I’m writing this from my bed in New Jersey at 2 a.m., mainly because this makes more sense to me than sleeping at the moment. Sleep is something you do on other nights. You know, nights when your university doesn’t beat the No. 1 team in the entire country.
It still doesn’t feel like it happened yet. I can’t really say for sure when Duane Wilson pulled Marquette back from the brink or when Katin Reinhardt had his several shining moments or when the Bradley Center turned into the kind of ecstatic madhouse that jars you to life even through the television set. It’s all smushed together in my head, hazy enough that it could have happened days ago. When Jalen Brunson’s shot rolled off the rim and into the waiting arms of Sam Hauser, I don’t even remember the next thing that went through my mind.
The facts of the game are pretty incredible – Villanova had a 98.8% chance of victory at one point – yet not that hard to get over. Improbable comebacks happen all the time in college basketball. Teams that are ranked number one in the country lose pretty frequently. In fact, it just happened two weeks ago to Baylor. Marquette has a great offense and Villanova got cold from the field at exactly the wrong time. That’s not a particularly hard concept to grasp.
And yet…
Cynicism is absolute first nature to me as a sports fan. Growing up with the New York Jets as your only rooting interest will do that to one. No lead is ever safe. No player is ever good enough.
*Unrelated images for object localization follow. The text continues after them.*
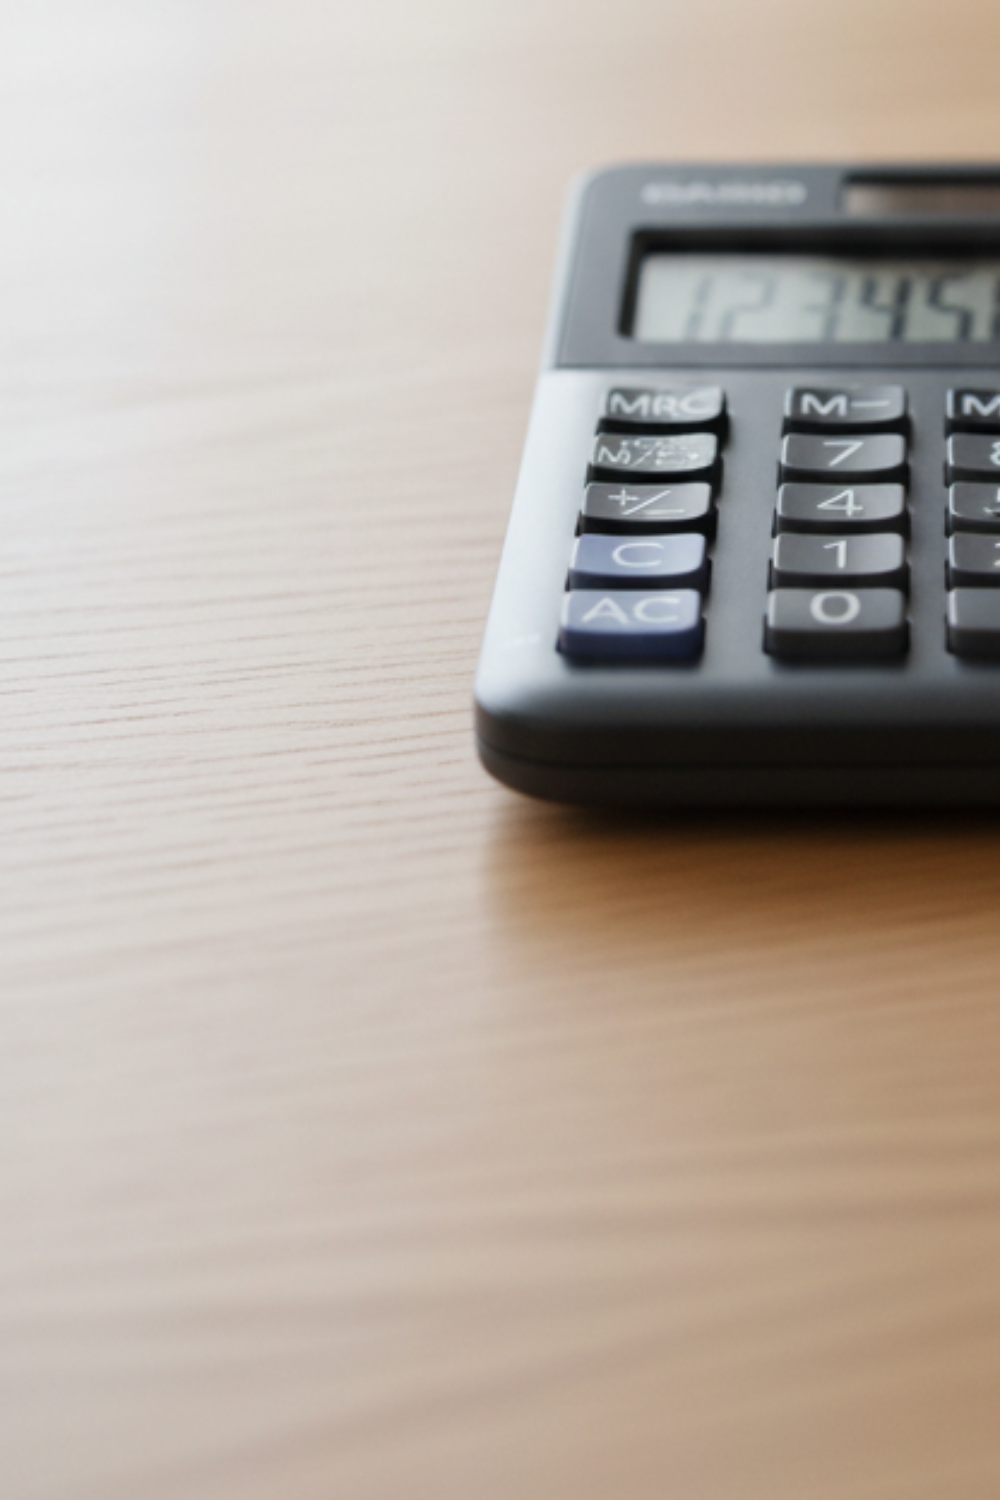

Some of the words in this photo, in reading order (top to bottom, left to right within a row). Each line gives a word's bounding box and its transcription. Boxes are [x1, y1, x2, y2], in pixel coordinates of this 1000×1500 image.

[609, 391, 718, 417] MRC
[822, 440, 865, 467] 7
[817, 489, 863, 517] 4
[612, 542, 664, 568] C
[823, 540, 848, 569] 1
[582, 596, 683, 626] AC
[810, 591, 862, 625] 0
Watching games feels like a chore that you’re obligated to do instead of something you enjoy. Deep down, there’s this nagging, unspoken question that lingers over everything: “What if there’s no payoff? What if I’ve spent hours watching this team expecting something to go right and nothing ever does?”
If you don’t think that this feeling is real, ask any lifelong Cubs fans about the years before the World Series title. They’ll tell you what it was like to give so much of yourself to a group of individuals that you don’t know, but feel like you do. They’ll tell you about enduring loss after hopeless loss, knowing all the while that it’s asinine to care this much, yet somehow doing it anyways. Eventually, months turn into years and years turn into decades and suddenly people are living lives in devotion to something that never pays out a return on emotional investment.
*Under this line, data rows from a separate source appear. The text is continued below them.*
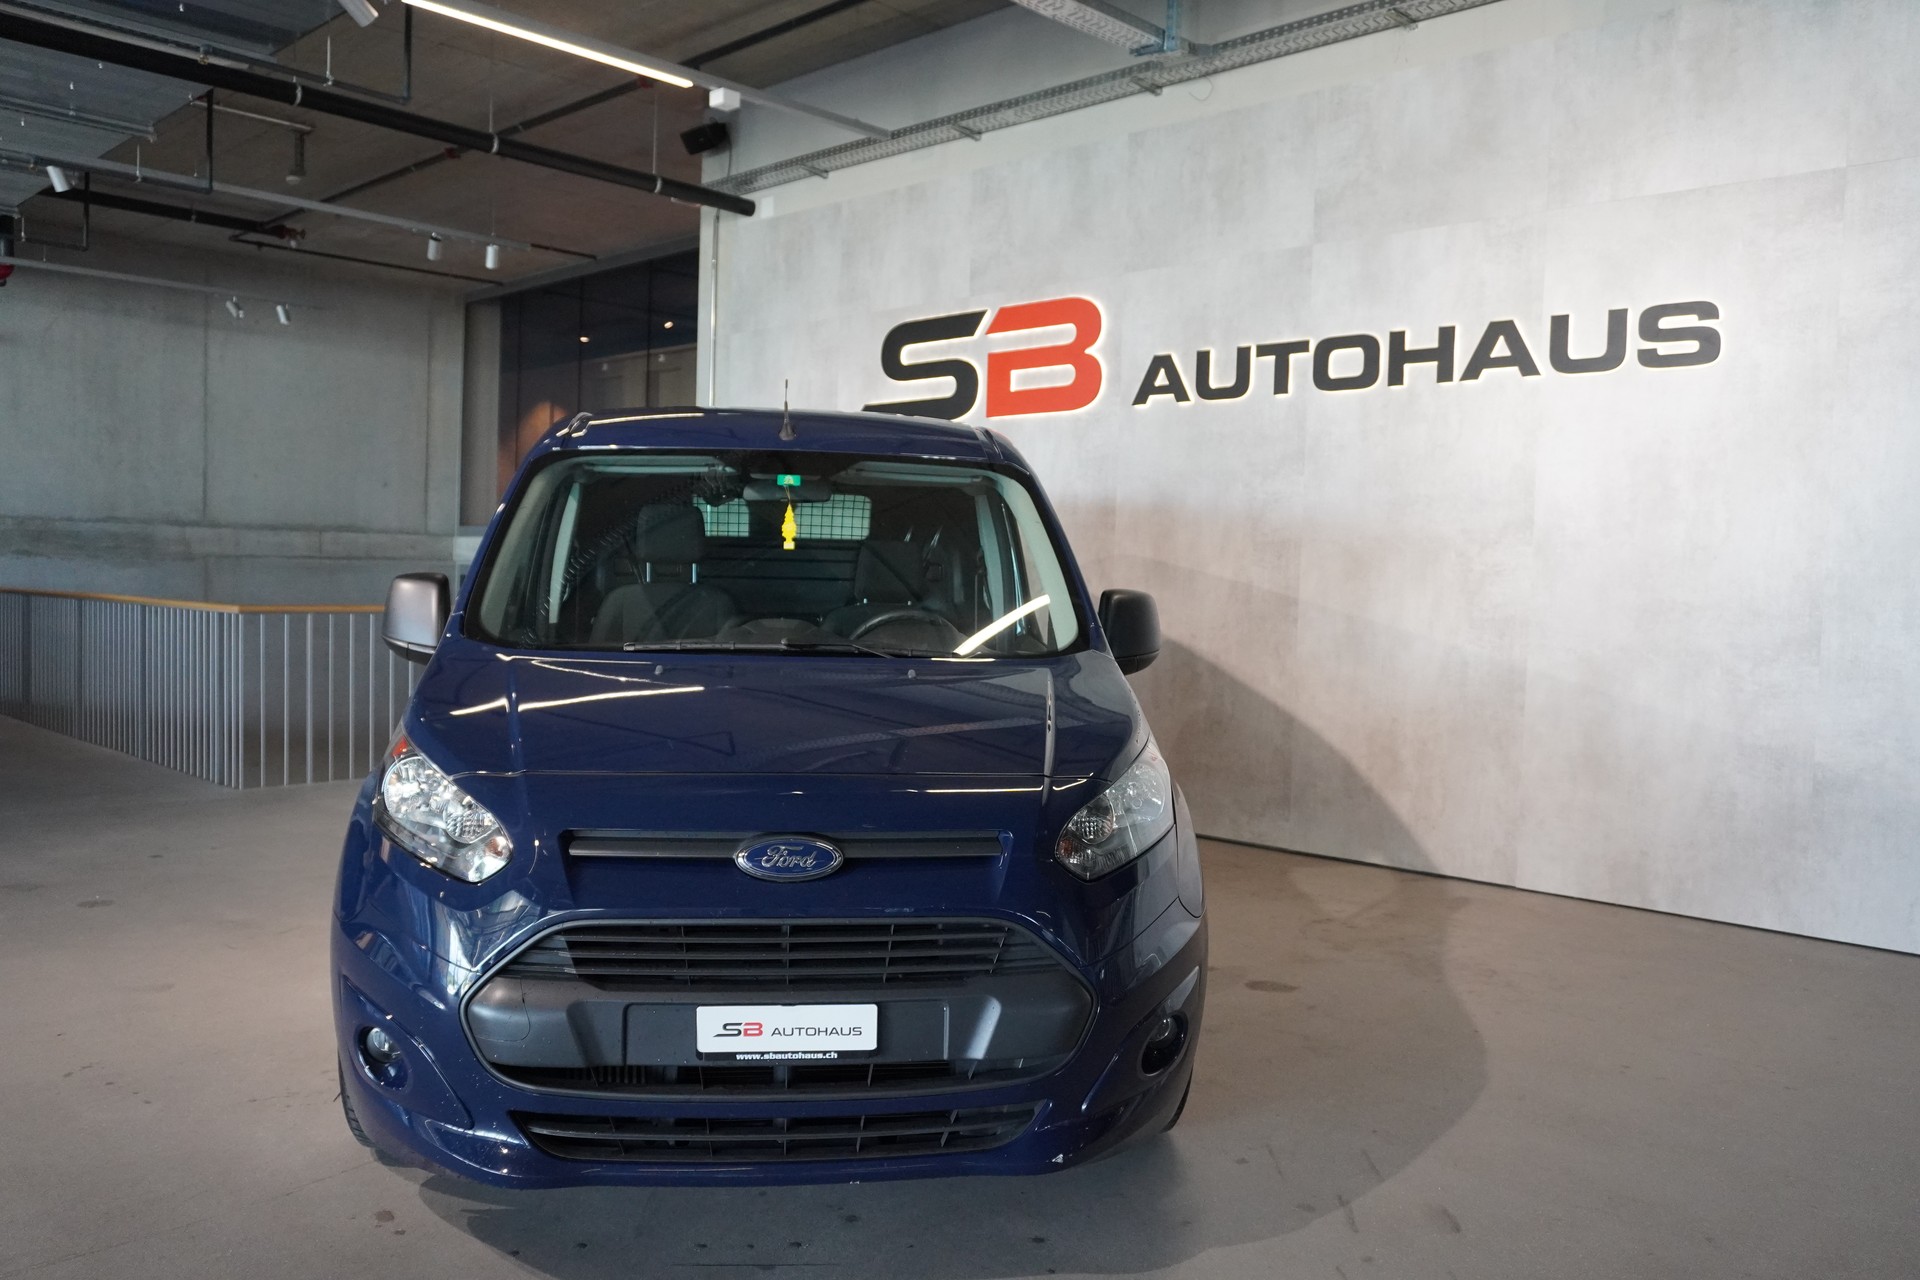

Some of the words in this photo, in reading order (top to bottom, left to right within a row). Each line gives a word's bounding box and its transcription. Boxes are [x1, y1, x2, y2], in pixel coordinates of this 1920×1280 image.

[862, 296, 1102, 420] SB
[1132, 300, 1721, 406] AUTOHAUS
[760, 845, 818, 868] Ford
[713, 1022, 763, 1037] SB
[771, 1026, 862, 1036] AUTOHAUS
[736, 1051, 837, 1060] www.sbautohaus.ch
Marquette never reached anything close to that level of despair. However, the innate pessimism that hovered over the program since the departure of former head coach Buzz Williams was palpable. These last three years have produced Golden Eagle teams that have disappointed on the court, which automatically conditioned a lot of fans to expect the worst. Most of the times, they got it.
Anybody who stampeded out onto the court at the Bradley Center or watched happily from a distant couch felt something when Marquette started its rapid ascent back into the game. It wasn’t joy; not quite yet, anyways. Contentedness would probably be the best way to describe it. We all thought that Marquette was showing a bit of moxie, cutting Villanova’s lead to single digits with less than five minutes left. Nobody had any expectation that the Golden Eagles would win, of course, but the score would be respectable and the overall effort even more so.
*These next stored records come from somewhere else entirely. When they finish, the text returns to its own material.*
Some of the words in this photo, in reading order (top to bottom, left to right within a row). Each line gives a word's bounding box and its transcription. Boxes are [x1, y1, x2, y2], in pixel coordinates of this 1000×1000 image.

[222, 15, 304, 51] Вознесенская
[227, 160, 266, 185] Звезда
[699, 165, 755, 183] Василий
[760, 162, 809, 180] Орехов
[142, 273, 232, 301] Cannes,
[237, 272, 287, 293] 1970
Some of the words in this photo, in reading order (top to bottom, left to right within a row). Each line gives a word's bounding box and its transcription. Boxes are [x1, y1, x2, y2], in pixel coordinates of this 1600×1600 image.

My mom was watching the game from across the living room as I tweeted statistics. After Wilson’s fluid stop-and-go dribble-drive layup cut Villanova’s lead to six, she piped up and said, “hey, Marquette might actually win this game!”
“No they’re not,” I immediately shot back, as if I’d never been surer of anything in my life. Even as the final four minutes played out, minutes that will be etched into Marquette lore forever, it never occurred to me that the Golden Eagles could beat Villanova until after Sam Hauser pulled that rebound away from his chest and looked around for a long moment. It seemed as though he could hardly believe that, yes, this was really happening. The fans were right there with him.
That absolute failure of cynicism – not the actual events themselves – is what makes this hard to believe even now. Marquette isn’t supposed to win these kinds of games, at least not for as long as I’ve cared about the team, which admittedly is a very short time. We all expected the worst and the worst never came.
In its place came something else: fulfillment, which manifested itself in the form of pandemonium. People ran en masse to a place that’s usually off limits to hug people that they barely knew and begin a night that they simultaneously won’t remember and will never, ever forget. It was impossible to even be jealous of all my friends who were on the hardwood in Milwaukee while I was 900 miles away in New Jersey, frantically texting them to take tons of pictures.
Instead, I just felt happy that all the time Marquette fans poured into this team was worth something. That the current seniors will have an “I was there” moment to tell their children about someday. That the players and coaches who have labored so hard finally have a marquee achievement to show for it. Most of all, I’m happy that there’s still a wonderful place – sports – where pure belief can still be rewarded.
Yes, Marquette still has a regular season left to play and you still have a life to keep on living. This euphoric sensation, like that of all victories, is fleeting. But it meant something more to everyone in the Marquette community, especially the students packed together in a gold and blue throng on the Al McGuire court. All they wanted was hope. Now they have it.